SUPREME COURT OF NEW YORK, APPELLATE DIVISION, THIRD DEPARTMENT


November 6, 1969

IN THE MATTER OF THE ESTATE OF LOUIS FONTANELLA, DECEASED. ADELAIDE JEWELL, AS ADMINISTRATRIX OF THE ESTATE OF LOUIS FONTANELLA, DECEASED, APPELLANT. EDWARD FONTANELLA ET AL., RESPONDENTS

Appeal from a decree of the Montgomery County Surrogate's Court (William A. Carero, J.), entered December 27, 1967 which determined that decedent's son was the sole owner of certain shares of stock.

Cooke, J. Herlihy, P. J., Staley, Jr., and Greenblott, JJ., concur.

Author: Cooke

 This is an appeal from a decree of the Surrogate's Court of Montgomery County, entered December 27, 1967, which determined that Edward Fontanella, son of decedent Louis Fontanella, was the sole owner of certain shares of stock. The Surrogate found that decedent had retained dominion and control over the stock, that the person to whom the certificates were delivered was not a donee but decedent's agent and, consequently, that any characterization of the transfer as a gift was defeated; and, furthermore, that a valid inter vivos trust was created with the son as remainderman beneficiary. It was also determined that certain final conversations between the elder Fontanella and the third party were insufficient to constitute a revocation of the trust.

About 10 years prior to his death in March, 1965, the father delivered stock certificates in three companies to Rena Chiuminato, his sister-in-law, with instructions "to hold on to it and just keep it and send him the dividends" and that if he wanted to do anything different with them he would tell her, no mention being made at the time of delivery as to the disposition to be made upon Fontanella's death. Accompanying the forwarding of the stock was a note in Italian signed by Fontanella stating: "They are in your name. You can cash them any time and you can go and get a drunk on yourself." Thereafter decedent at different times told Mrs. Chiuminato "When I die, you turn it over to Ed" and in 1958 wrote the son a letter informing the latter of his holdings with Rena and "if I need em I use them if I dont I tol them to give them to you. I thought to tel you this in cass somthin may hapen I am gitin old." About two or three months prior to his death, deceased told Rena "I don't want to see it all go to Ed * * * Adelaide should have some of it. It should be divided" and, about a month prior thereto, that part of the stock should go to his daughter Adelaide, who has taken care of and kept him and his wife, and the rest to Ed.

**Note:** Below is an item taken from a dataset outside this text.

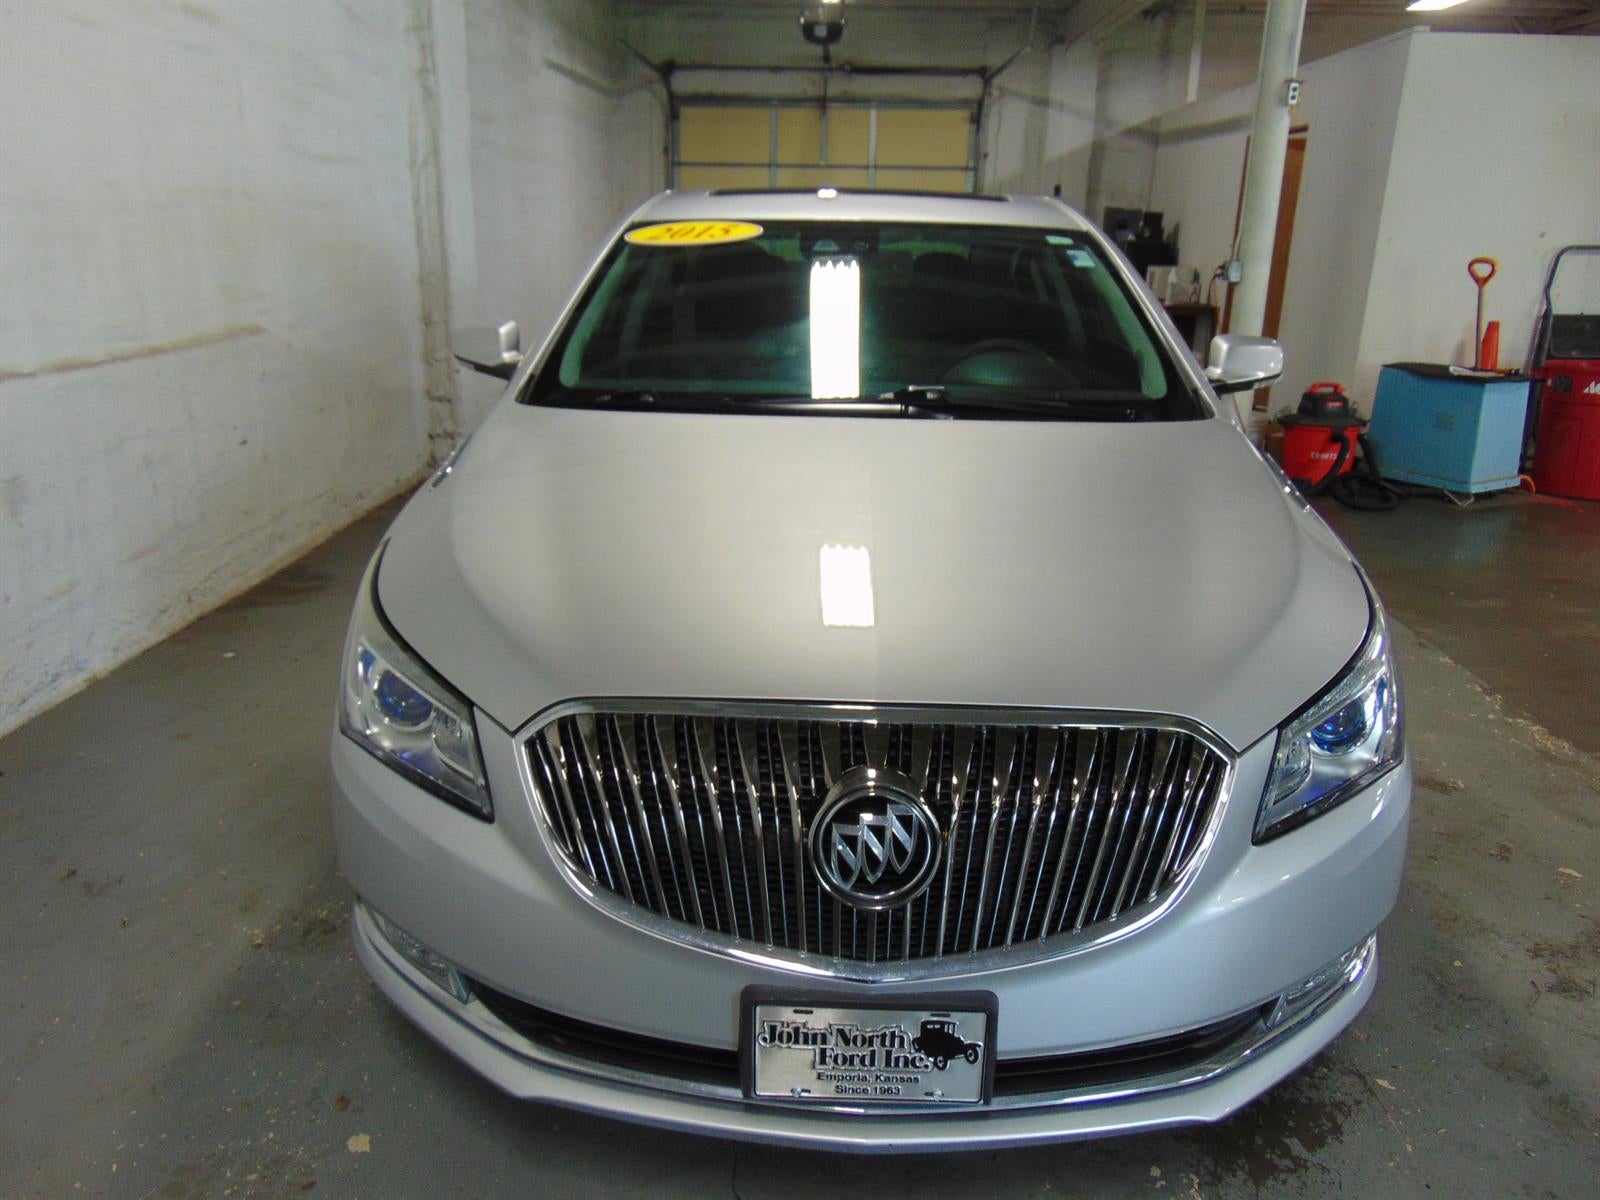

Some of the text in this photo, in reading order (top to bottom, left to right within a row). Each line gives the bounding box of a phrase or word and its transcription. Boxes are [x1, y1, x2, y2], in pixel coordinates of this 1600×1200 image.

There are four essential elements of a valid trust of personal property: (1) a designated beneficiary; (2) a designated trustee not the beneficiary; (3) a fund or other identifiable property; and (4) the actual delivery of the fund or other property to the trustee with the intention of passing legal title thereto to him as trustee (Brown v. Spohr, 180 N. Y. 201, 209; Matter of Palumbo, 284 App. Div. 834). It is undisputed here that, as of delivery, there was no designated beneficiary nor was there any expressed or implied intention of transferring title to Mrs. Chiuminato as trustee.

While trusts may be created in personal property by parol and no particular formula of words is required to accomplish the result (Hoffman House, New York v. Foote, 172 N. Y. 348, 355, Hirsh v. Auer, 146 N. Y. 13, 19), the words and the acts relied upon must be unequivocal in nature and admit of no other interpretation than that the property is held in trust (Wadd v. Hazleton, 137 N. Y. 215, 219; Young v. Young, 80 N. Y. 422, 438; Shea v. Crofut, 203 App. Div. 210, 214). To constitute a trust there must be either an explicit declaration of trust or facts and circumstances which show beyond reasonable doubt that a trust was intended to be created, as it would introduce a dangerous instability of titles if anything less were required, or if a voluntary inter vivos trust could be established, in the absence of express words, by facts and circumstances capable of another construction or consistent with a different intention (Sayer v. Wynkoop, 248 N. Y. 54, 59; Beaver v. Beaver, 117 N. Y. 421, 428; Wojtkowiak v. Wojtkowiak, 85 N. Y. S. 2d 198, 202, affd. 273 App. Div. 1052). Here, the evidence falls far short of establishing a trust; indeed, it is so consistent with an agency relation that the Surrogate held: "that no delivery was made to a donee but rather to a third party as agent of the donor." The acts of Mrs. Chiuminato were performed for decedent and she never claimed title to the certificates, indicating an agency, the distinguishing characteristic of a trust relationship being the transfer of title to the trustee whereby he acts for himself in the administration of the trust estate during the time that the trust continues according to its terms (Wadd v. Hazelton, supra, at p. 221; Matter of Ihmsen, 253 App. Div. 472; 2 N. Y. Jur., Agency, § 7; cf. Matter of Seeberg, 46 N. Y. S. 2d 412, 414).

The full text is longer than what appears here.